Here we see that the props attribute contains the ‘coord_sys’ entry, which is the ‘coordinate system’ or ‘reference frame’ of the data (see the Rotations and Coordinate Systems section for more information on coordinate systems). It also includes the data sample-rate (32 Hz), and indicates whether this instrument has an ‘inertial motion unit’ or ‘IMU’ (it doesn’t). The instrument manufacturer, model, and type are also included here. The last entry is the ‘rotate_vars’ entry, which lists the vector-variables that should be rotated when rotating this data object (again, see the Rotations and Coordinate Systems section).

  • signal: contains information about the amplitude and quality (e.g., correlation) of the acoustic signal:

    <class 'dolfyn.data.base.TimeData'>: Data Object with Keys:
      *------------
      | amp                      : <array; (3, 120530); uint8>
      | corr                     : <array; (3, 120530); uint8>
    
  • sys: contains system status information such as battery levels, and error codes:

    <class 'dolfyn.data.base.TimeData'>: Data Object with Keys:
      *------------
      | batt                     : <array; (120530,); float32>
      | error                    : <array; (120530,); uint8>
      | status                   : <array; (120530,); uint8>
    

Subsetting data

A segment of the time-record of a data object can be extracted to a new data object using the subset property, for example:

>>> datsub = dat.subset[:1000]

Returns a new data object with a copy of the first one-thousand time-steps from the original data object.

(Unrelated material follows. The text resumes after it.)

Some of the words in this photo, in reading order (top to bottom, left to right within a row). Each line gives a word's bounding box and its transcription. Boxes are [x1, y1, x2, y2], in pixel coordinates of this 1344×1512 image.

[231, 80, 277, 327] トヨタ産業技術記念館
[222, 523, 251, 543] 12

The subset property is actually an indexing-object that takes a one-dimensional numpy-compatible indexing object such as slices and boolean arrays. For example, we can also do:

>>> from datetime import datetime
>>> datsub = dat.subset[
                  (datetime(2012,6,12,0,1) < dat.mpltime.datetime) &
                  (dat.mpltime.datetime < datetime(2012,6,12,12,0,3))]

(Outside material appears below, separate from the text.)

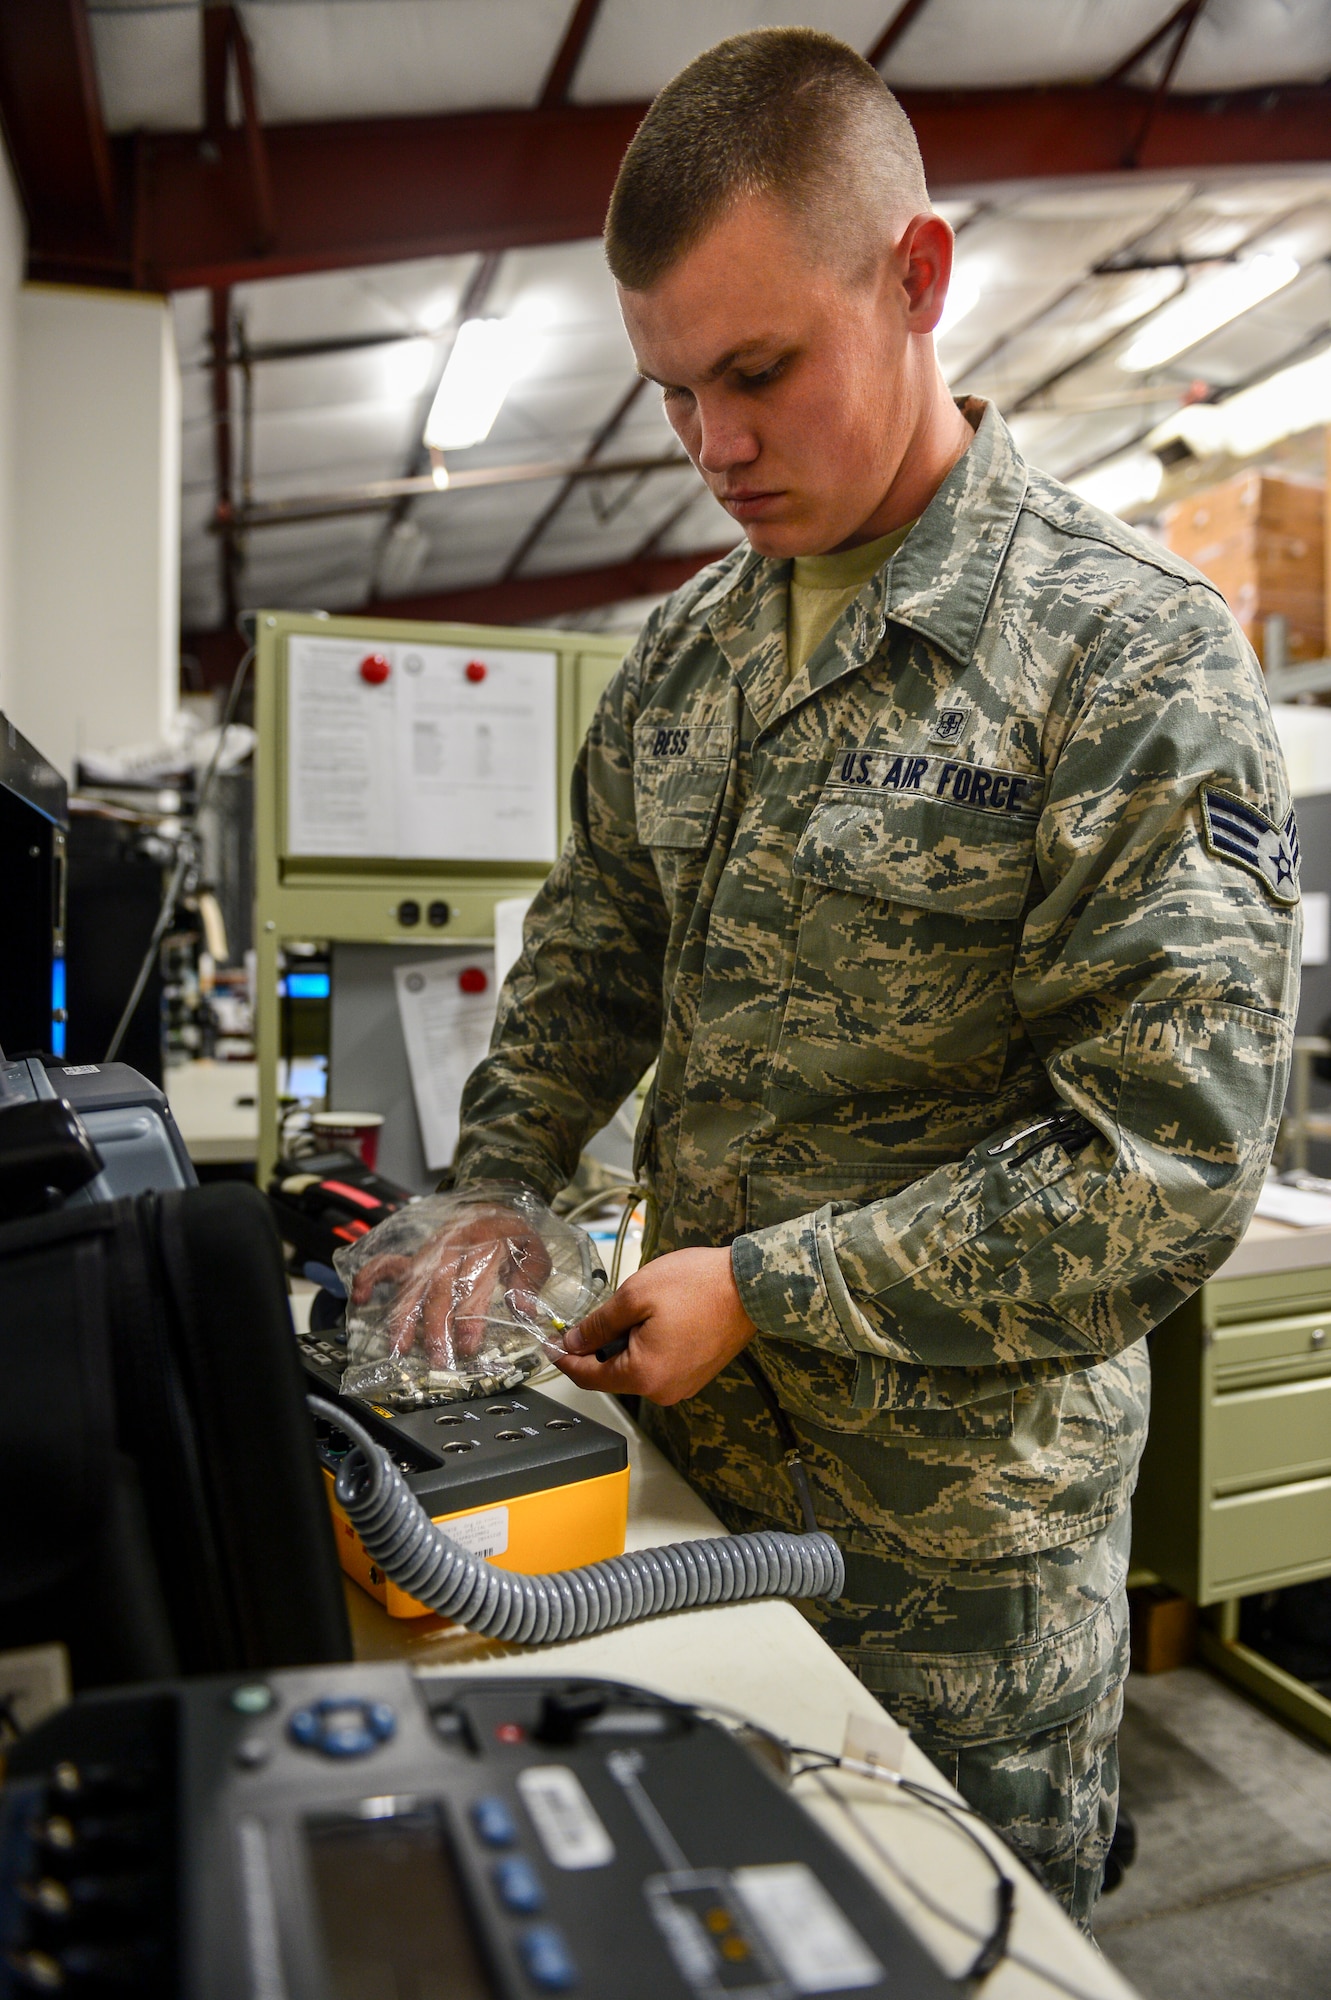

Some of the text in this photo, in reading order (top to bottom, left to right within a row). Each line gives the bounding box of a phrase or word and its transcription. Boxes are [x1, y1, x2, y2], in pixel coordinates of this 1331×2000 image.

[653, 730, 690, 756] BESS
[841, 753, 1027, 811] U.S. AIR FORCE

This gives a data with data from the original for the two seconds between 12:00:01 and 12:00:03 on June 12, 2012. This also reveals the .datetime property of the time_array class, but this functionality may change.

Saving and loading data

A data object can be saved for later use using the to_hdf5 method:

>>> dat.to_hdf5('my_data_file.h5')

To load this data into memory (e.g., in a different script), use DOLfYN’s load function:

>>> dat2 = dlfn.load('my_data_file.h5')

Cleaning data

DOLfYN includes tools for cleaning ADV data in the dlfn.adv.clean module. Take a look at those functions for more details. Tools for cleaning ADP data have not yet been developed.

Averaging data

DOLfYN includes tools for averaging data and computing turbulence statistics from ADV and ADP data. These tools are Python classes (‘averaging objects’) that are initialized with specific averaging window details, and then you call methods of the averaging object to compute averages or turbulence statistics. For example:

# First initalize the averaging tool
>>> avg_tool = dlfn.VelBinner(4800, fs=16)

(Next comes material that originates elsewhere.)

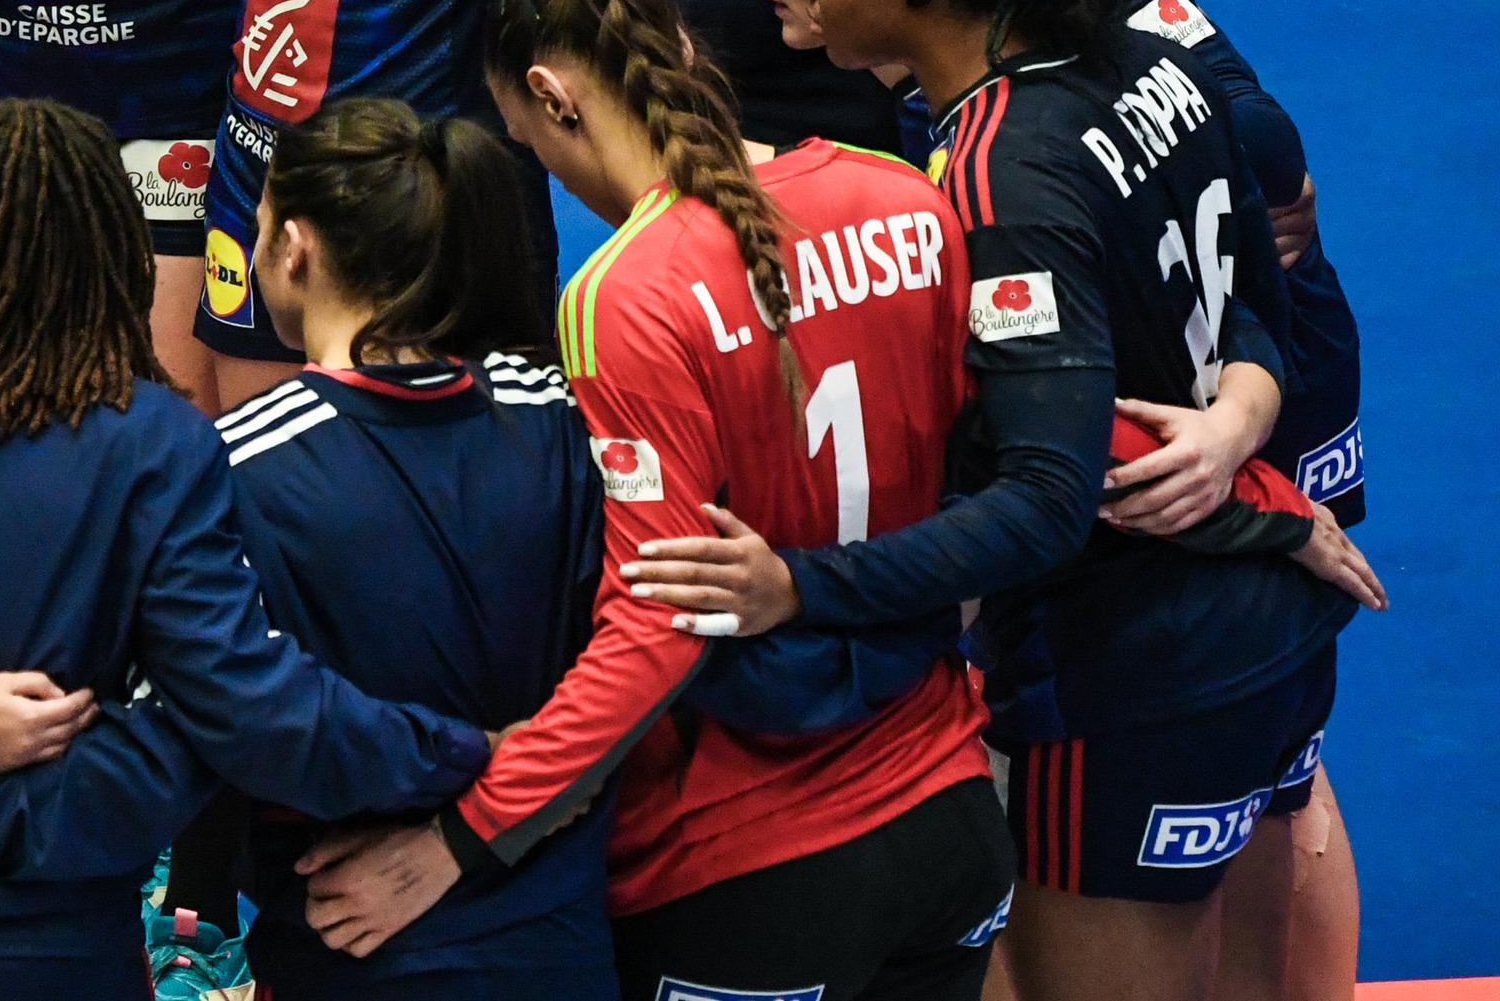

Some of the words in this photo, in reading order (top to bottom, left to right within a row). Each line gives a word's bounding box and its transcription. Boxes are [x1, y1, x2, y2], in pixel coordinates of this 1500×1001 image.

# Then compute averages of all variables in dat
>>> avg_dat = avg_tool.do_avg(dat)

Here, we have initialized an averaging tool, avg_tool, to bin 16 Hz data into 4800-point segments (5 minutes). Then when we call the do_avg method in the averaging tool on a data object, it returns an ‘averaged’ data object, where all the data field names are the same, but the fields contain averaged data. The averaging tool also includes many other tools (methods) for computing statistics other than averages, for example:

# Compute the power-spectral-density of the velocity data, and store it in
>>> avg_dat['Spec.vel'] = avg_tool.psd(dat['vel'])

# Compute the Reynold's stresses (cross-correlations) of the velocity data:
>>> avg_dat['stress'] = avg_tool.calc_stress(dat['vel'])

There is also the TurbBinner, which is based on VelBinner, and has several methods for computing additional statistics from ADV data. Take a look at the API documentation for both of those tools for more details.